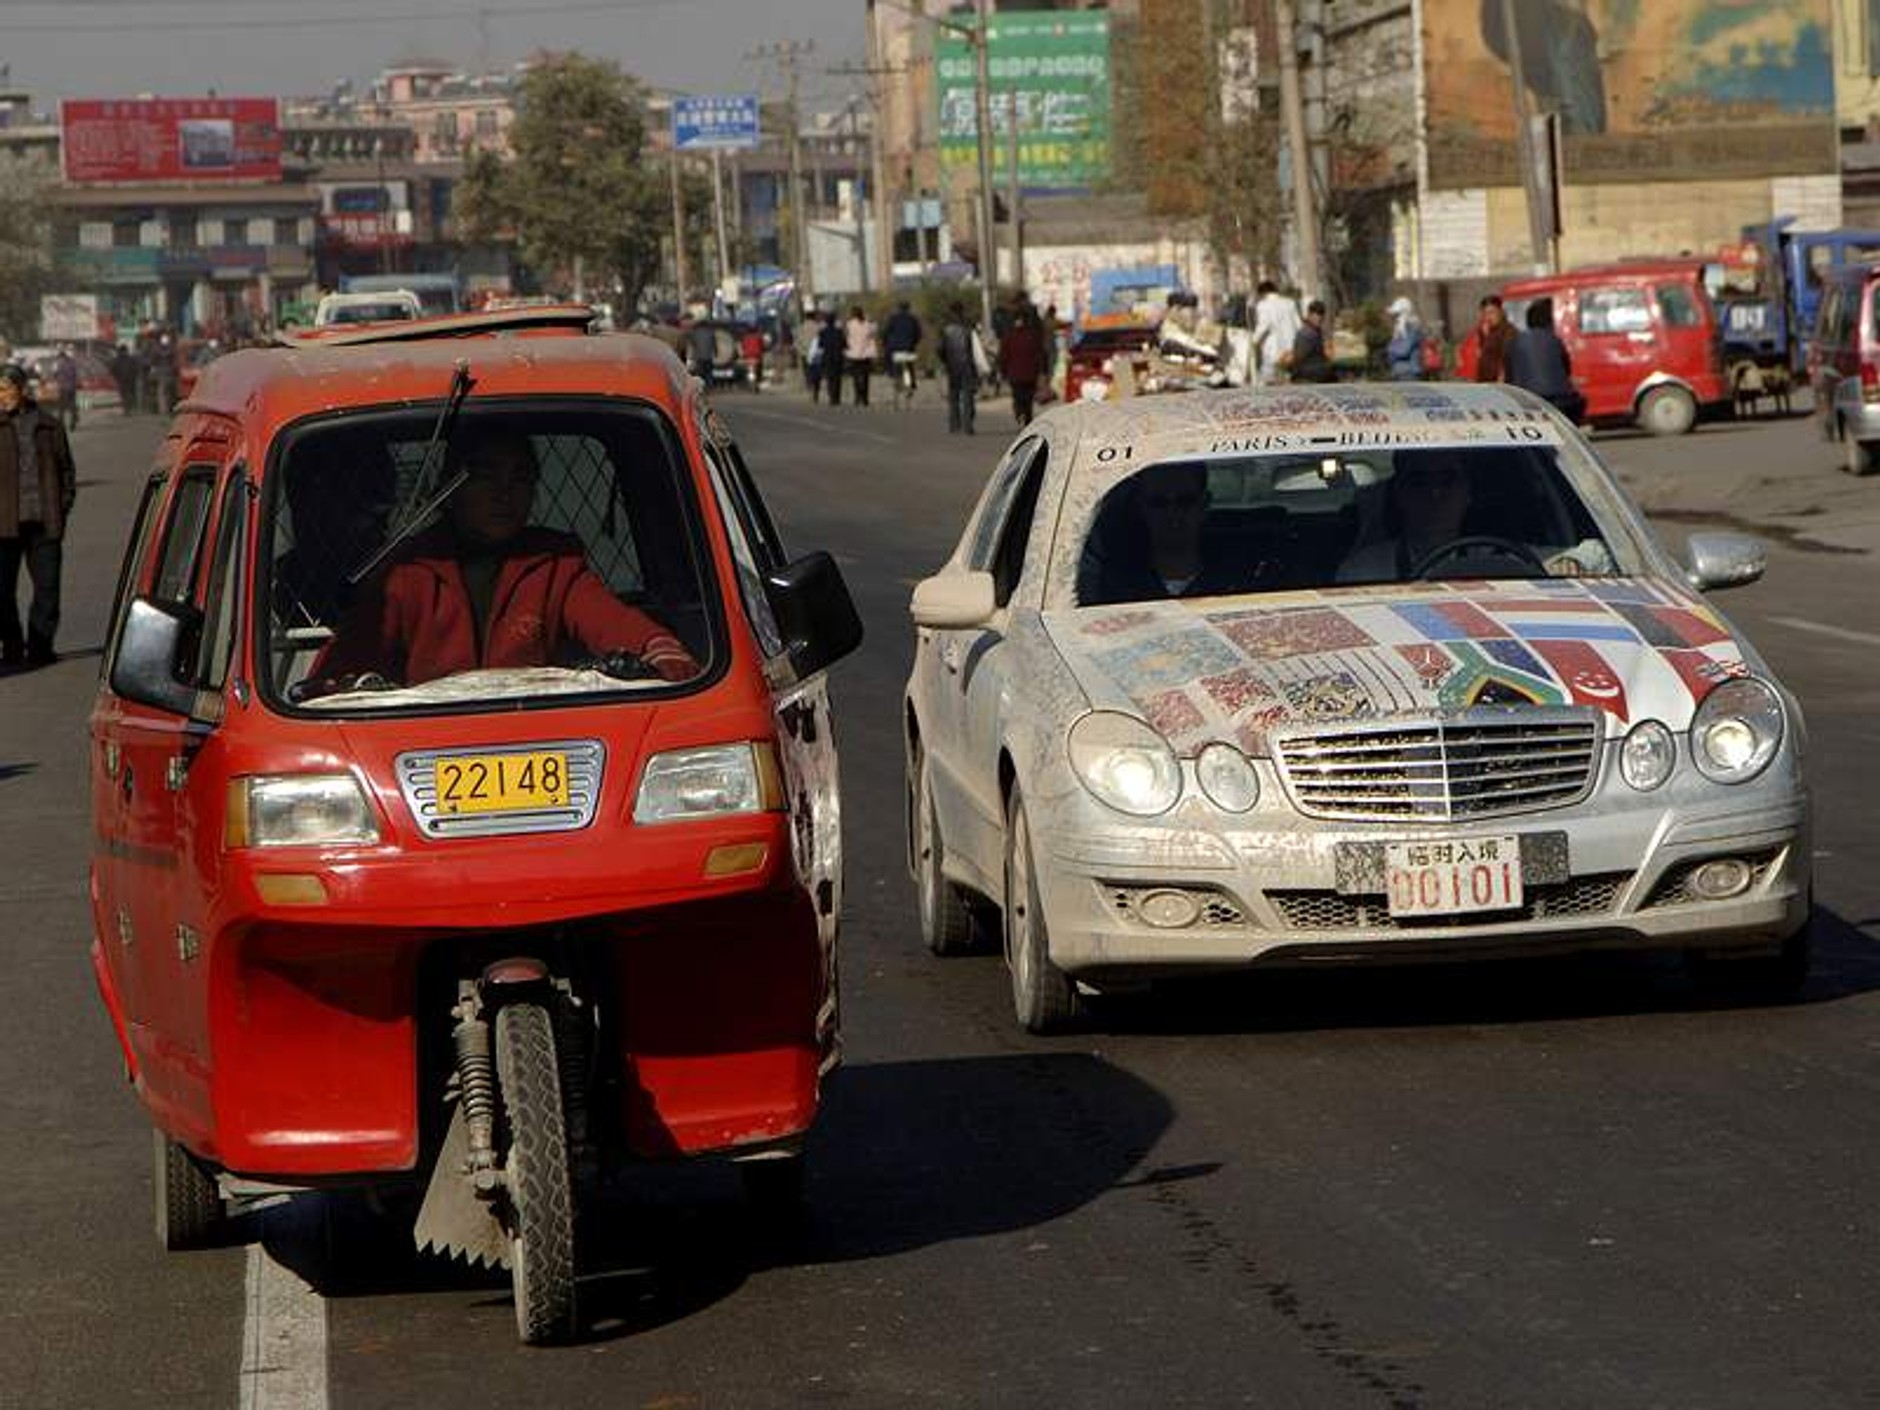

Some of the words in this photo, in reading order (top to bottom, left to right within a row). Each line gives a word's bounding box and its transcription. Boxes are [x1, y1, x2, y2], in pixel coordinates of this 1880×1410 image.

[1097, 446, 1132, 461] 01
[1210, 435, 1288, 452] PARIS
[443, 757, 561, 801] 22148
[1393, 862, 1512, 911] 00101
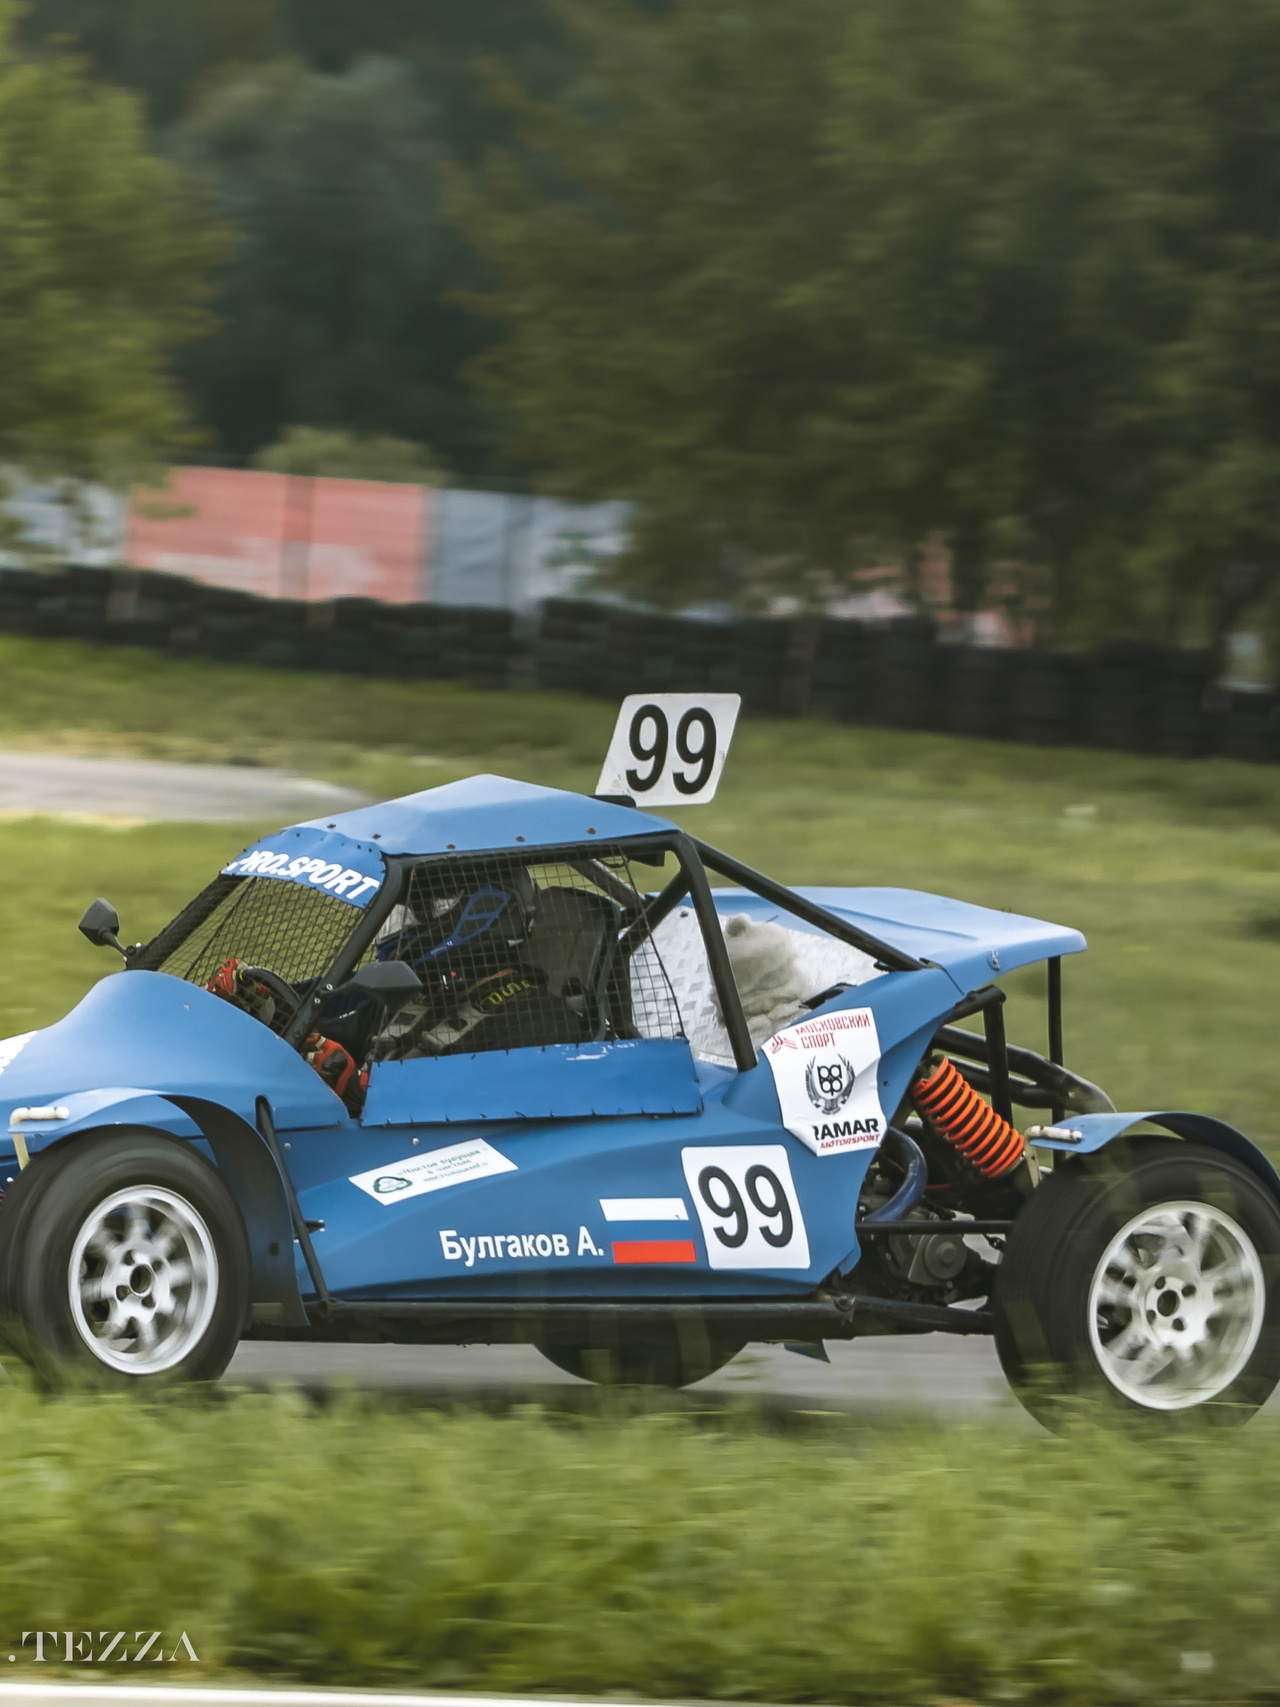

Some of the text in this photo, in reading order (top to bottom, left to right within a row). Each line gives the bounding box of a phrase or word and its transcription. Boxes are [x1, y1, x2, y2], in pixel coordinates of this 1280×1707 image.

::::

> [GOAL OF THE EXERCISE] Copy the listing exactly but drop its images.

> [SOLUTION FOR THIS EXERCISE]
Some of the words in this photo, in reading order (top to bottom, left to right within a row). Each line gives a word's bounding box and its transcription. Boxes are [x1, y1, x2, y2], in pixel coordinates of this 1880×1410 image.

[1097, 446, 1132, 461] 01
[1210, 435, 1288, 452] PARIS
[443, 757, 561, 801] 22148
[1393, 862, 1512, 911] 00101

Some of the text in this photo, in reading order (top to bottom, left to right within a row). Each line gives the bounding box of a phrase or word and its transcription. Boxes are [x1, y1, x2, y2], in pixel coordinates of this 1280×1707 image.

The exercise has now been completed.